WHAT YOU HAVE TO DO >> Reproduce the data shown below exactly.

DATASET >>
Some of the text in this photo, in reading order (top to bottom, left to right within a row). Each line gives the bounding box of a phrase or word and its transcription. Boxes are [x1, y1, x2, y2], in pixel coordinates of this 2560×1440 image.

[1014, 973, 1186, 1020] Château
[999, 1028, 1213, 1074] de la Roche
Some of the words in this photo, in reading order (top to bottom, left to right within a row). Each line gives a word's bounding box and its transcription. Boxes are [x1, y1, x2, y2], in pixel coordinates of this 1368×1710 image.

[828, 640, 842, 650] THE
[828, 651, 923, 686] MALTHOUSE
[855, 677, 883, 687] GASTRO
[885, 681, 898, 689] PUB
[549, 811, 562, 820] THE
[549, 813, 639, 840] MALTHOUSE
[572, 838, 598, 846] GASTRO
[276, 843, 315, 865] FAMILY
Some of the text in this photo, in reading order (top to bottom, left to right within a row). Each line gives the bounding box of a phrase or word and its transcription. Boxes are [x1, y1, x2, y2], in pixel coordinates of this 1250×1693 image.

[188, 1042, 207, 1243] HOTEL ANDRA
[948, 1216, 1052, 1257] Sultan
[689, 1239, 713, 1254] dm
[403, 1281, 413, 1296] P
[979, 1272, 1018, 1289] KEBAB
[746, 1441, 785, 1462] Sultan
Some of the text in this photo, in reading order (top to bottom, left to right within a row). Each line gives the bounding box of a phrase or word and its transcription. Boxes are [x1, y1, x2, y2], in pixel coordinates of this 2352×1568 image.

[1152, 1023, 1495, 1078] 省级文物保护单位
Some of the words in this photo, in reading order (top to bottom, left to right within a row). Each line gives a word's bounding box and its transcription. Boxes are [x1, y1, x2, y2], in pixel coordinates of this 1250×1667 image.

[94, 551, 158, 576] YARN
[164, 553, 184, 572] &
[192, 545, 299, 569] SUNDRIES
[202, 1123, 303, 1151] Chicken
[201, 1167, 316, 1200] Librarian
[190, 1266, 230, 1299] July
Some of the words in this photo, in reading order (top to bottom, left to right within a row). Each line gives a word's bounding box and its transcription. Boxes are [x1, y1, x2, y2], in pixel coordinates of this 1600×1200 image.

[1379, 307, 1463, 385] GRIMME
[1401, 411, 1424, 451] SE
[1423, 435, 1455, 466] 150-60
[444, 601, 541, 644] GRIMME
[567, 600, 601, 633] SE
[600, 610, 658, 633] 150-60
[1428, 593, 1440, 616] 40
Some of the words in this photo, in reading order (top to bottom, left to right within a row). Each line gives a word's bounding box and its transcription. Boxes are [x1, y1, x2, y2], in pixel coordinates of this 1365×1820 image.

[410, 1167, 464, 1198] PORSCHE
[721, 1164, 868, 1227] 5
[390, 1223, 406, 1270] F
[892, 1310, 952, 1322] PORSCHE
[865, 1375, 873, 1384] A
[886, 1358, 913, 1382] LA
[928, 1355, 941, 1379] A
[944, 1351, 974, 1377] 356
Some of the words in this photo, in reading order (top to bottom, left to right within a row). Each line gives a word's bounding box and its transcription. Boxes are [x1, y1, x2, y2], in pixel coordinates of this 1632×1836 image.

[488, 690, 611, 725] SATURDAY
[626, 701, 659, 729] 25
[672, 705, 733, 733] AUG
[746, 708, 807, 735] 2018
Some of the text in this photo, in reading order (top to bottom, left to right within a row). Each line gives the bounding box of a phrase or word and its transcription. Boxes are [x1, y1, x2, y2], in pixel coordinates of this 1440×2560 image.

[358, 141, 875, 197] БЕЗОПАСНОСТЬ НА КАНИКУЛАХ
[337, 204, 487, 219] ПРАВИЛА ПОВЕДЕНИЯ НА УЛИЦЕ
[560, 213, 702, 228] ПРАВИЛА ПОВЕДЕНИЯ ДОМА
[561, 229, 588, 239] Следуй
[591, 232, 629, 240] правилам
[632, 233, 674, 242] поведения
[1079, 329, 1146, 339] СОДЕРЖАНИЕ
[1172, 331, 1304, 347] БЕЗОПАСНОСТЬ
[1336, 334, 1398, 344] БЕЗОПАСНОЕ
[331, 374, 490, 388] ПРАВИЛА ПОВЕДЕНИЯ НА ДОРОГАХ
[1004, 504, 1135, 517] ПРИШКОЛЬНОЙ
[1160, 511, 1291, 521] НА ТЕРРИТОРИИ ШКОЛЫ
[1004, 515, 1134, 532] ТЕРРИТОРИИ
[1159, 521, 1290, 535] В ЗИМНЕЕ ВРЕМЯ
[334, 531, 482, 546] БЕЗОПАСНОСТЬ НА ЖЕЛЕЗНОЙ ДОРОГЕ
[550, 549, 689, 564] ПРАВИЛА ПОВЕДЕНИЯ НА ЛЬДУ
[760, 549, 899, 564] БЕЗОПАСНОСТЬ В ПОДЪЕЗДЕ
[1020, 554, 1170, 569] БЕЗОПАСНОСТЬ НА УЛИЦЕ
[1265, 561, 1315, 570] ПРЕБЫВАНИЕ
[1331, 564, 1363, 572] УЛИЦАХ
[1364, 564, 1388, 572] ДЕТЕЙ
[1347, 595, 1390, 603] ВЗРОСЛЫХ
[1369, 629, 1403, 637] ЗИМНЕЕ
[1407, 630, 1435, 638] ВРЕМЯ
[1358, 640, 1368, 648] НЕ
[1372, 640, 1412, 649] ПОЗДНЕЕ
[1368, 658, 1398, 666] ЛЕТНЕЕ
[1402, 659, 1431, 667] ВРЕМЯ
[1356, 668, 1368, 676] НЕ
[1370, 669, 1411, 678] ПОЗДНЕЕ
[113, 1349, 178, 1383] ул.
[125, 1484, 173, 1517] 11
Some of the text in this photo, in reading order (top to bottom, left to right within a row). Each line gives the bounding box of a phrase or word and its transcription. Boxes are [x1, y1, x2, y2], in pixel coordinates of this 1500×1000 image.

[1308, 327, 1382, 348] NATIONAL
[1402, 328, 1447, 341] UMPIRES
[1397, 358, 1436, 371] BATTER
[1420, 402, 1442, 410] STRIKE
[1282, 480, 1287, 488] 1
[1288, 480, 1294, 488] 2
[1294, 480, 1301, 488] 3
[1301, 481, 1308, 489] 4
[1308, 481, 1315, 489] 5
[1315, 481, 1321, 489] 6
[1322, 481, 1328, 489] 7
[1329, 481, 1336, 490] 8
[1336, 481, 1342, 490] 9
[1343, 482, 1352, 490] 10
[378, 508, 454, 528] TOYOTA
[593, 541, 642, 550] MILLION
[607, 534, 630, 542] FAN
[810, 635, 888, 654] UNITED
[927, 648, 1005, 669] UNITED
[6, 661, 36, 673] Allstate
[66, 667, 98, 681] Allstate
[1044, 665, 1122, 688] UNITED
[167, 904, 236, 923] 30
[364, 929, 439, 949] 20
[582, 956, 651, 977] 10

RESULT OF THIS TASK >>
Some of the text in this photo, in reading order (top to bottom, left to right within a row). Each line gives the bounding box of a phrase or word and its transcription. Boxes are [x1, y1, x2, y2], in pixel coordinates of this 2560×1440 image.

[1014, 973, 1186, 1020] Château
[999, 1028, 1213, 1074] de la Roche
Some of the words in this photo, in reading order (top to bottom, left to right within a row). Each line gives a word's bounding box and its transcription. Boxes are [x1, y1, x2, y2], in pixel coordinates of this 1368×1710 image.

[828, 640, 842, 650] THE
[828, 651, 923, 686] MALTHOUSE
[855, 677, 883, 687] GASTRO
[885, 681, 898, 689] PUB
[549, 811, 562, 820] THE
[549, 813, 639, 840] MALTHOUSE
[572, 838, 598, 846] GASTRO
[276, 843, 315, 865] FAMILY
Some of the text in this photo, in reading order (top to bottom, left to right within a row). Each line gives the bounding box of a phrase or word and its transcription. Boxes are [x1, y1, x2, y2], in pixel coordinates of this 1250×1693 image.

[188, 1042, 207, 1243] HOTEL ANDRA
[948, 1216, 1052, 1257] Sultan
[689, 1239, 713, 1254] dm
[403, 1281, 413, 1296] P
[979, 1272, 1018, 1289] KEBAB
[746, 1441, 785, 1462] Sultan
Some of the text in this photo, in reading order (top to bottom, left to right within a row). Each line gives the bounding box of a phrase or word and its transcription. Boxes are [x1, y1, x2, y2], in pixel coordinates of this 2352×1568 image.

[1152, 1023, 1495, 1078] 省级文物保护单位
Some of the words in this photo, in reading order (top to bottom, left to right within a row). Each line gives a word's bounding box and its transcription. Boxes are [x1, y1, x2, y2], in pixel coordinates of this 1250×1667 image.

[94, 551, 158, 576] YARN
[164, 553, 184, 572] &
[192, 545, 299, 569] SUNDRIES
[202, 1123, 303, 1151] Chicken
[201, 1167, 316, 1200] Librarian
[190, 1266, 230, 1299] July
Some of the words in this photo, in reading order (top to bottom, left to right within a row). Each line gives a word's bounding box and its transcription. Boxes are [x1, y1, x2, y2], in pixel coordinates of this 1600×1200 image.

[1379, 307, 1463, 385] GRIMME
[1401, 411, 1424, 451] SE
[1423, 435, 1455, 466] 150-60
[444, 601, 541, 644] GRIMME
[567, 600, 601, 633] SE
[600, 610, 658, 633] 150-60
[1428, 593, 1440, 616] 40
Some of the words in this photo, in reading order (top to bottom, left to right within a row). Each line gives a word's bounding box and its transcription. Boxes are [x1, y1, x2, y2], in pixel coordinates of this 1365×1820 image.

[410, 1167, 464, 1198] PORSCHE
[721, 1164, 868, 1227] 5
[390, 1223, 406, 1270] F
[892, 1310, 952, 1322] PORSCHE
[865, 1375, 873, 1384] A
[886, 1358, 913, 1382] LA
[928, 1355, 941, 1379] A
[944, 1351, 974, 1377] 356
Some of the words in this photo, in reading order (top to bottom, left to right within a row). Each line gives a word's bounding box and its transcription. Boxes are [x1, y1, x2, y2], in pixel coordinates of this 1632×1836 image.

[488, 690, 611, 725] SATURDAY
[626, 701, 659, 729] 25
[672, 705, 733, 733] AUG
[746, 708, 807, 735] 2018
Some of the text in this photo, in reading order (top to bottom, left to right within a row). Each line gives the bounding box of a phrase or word and its transcription. Boxes are [x1, y1, x2, y2], in pixel coordinates of this 1440×2560 image.

[358, 141, 875, 197] БЕЗОПАСНОСТЬ НА КАНИКУЛАХ
[337, 204, 487, 219] ПРАВИЛА ПОВЕДЕНИЯ НА УЛИЦЕ
[560, 213, 702, 228] ПРАВИЛА ПОВЕДЕНИЯ ДОМА
[561, 229, 588, 239] Следуй
[591, 232, 629, 240] правилам
[632, 233, 674, 242] поведения
[1079, 329, 1146, 339] СОДЕРЖАНИЕ
[1172, 331, 1304, 347] БЕЗОПАСНОСТЬ
[1336, 334, 1398, 344] БЕЗОПАСНОЕ
[331, 374, 490, 388] ПРАВИЛА ПОВЕДЕНИЯ НА ДОРОГАХ
[1004, 504, 1135, 517] ПРИШКОЛЬНОЙ
[1160, 511, 1291, 521] НА ТЕРРИТОРИИ ШКОЛЫ
[1004, 515, 1134, 532] ТЕРРИТОРИИ
[1159, 521, 1290, 535] В ЗИМНЕЕ ВРЕМЯ
[334, 531, 482, 546] БЕЗОПАСНОСТЬ НА ЖЕЛЕЗНОЙ ДОРОГЕ
[550, 549, 689, 564] ПРАВИЛА ПОВЕДЕНИЯ НА ЛЬДУ
[760, 549, 899, 564] БЕЗОПАСНОСТЬ В ПОДЪЕЗДЕ
[1020, 554, 1170, 569] БЕЗОПАСНОСТЬ НА УЛИЦЕ
[1265, 561, 1315, 570] ПРЕБЫВАНИЕ
[1331, 564, 1363, 572] УЛИЦАХ
[1364, 564, 1388, 572] ДЕТЕЙ
[1347, 595, 1390, 603] ВЗРОСЛЫХ
[1369, 629, 1403, 637] ЗИМНЕЕ
[1407, 630, 1435, 638] ВРЕМЯ
[1358, 640, 1368, 648] НЕ
[1372, 640, 1412, 649] ПОЗДНЕЕ
[1368, 658, 1398, 666] ЛЕТНЕЕ
[1402, 659, 1431, 667] ВРЕМЯ
[1356, 668, 1368, 676] НЕ
[1370, 669, 1411, 678] ПОЗДНЕЕ
[113, 1349, 178, 1383] ул.
[125, 1484, 173, 1517] 11
Some of the text in this photo, in reading order (top to bottom, left to right within a row). Each line gives the bounding box of a phrase or word and its transcription. Boxes are [x1, y1, x2, y2], in pixel coordinates of this 1500×1000 image.

[1308, 327, 1382, 348] NATIONAL
[1402, 328, 1447, 341] UMPIRES
[1397, 358, 1436, 371] BATTER
[1420, 402, 1442, 410] STRIKE
[1282, 480, 1287, 488] 1
[1288, 480, 1294, 488] 2
[1294, 480, 1301, 488] 3
[1301, 481, 1308, 489] 4
[1308, 481, 1315, 489] 5
[1315, 481, 1321, 489] 6
[1322, 481, 1328, 489] 7
[1329, 481, 1336, 490] 8
[1336, 481, 1342, 490] 9
[1343, 482, 1352, 490] 10
[378, 508, 454, 528] TOYOTA
[593, 541, 642, 550] MILLION
[607, 534, 630, 542] FAN
[810, 635, 888, 654] UNITED
[927, 648, 1005, 669] UNITED
[6, 661, 36, 673] Allstate
[66, 667, 98, 681] Allstate
[1044, 665, 1122, 688] UNITED
[167, 904, 236, 923] 30
[364, 929, 439, 949] 20
[582, 956, 651, 977] 10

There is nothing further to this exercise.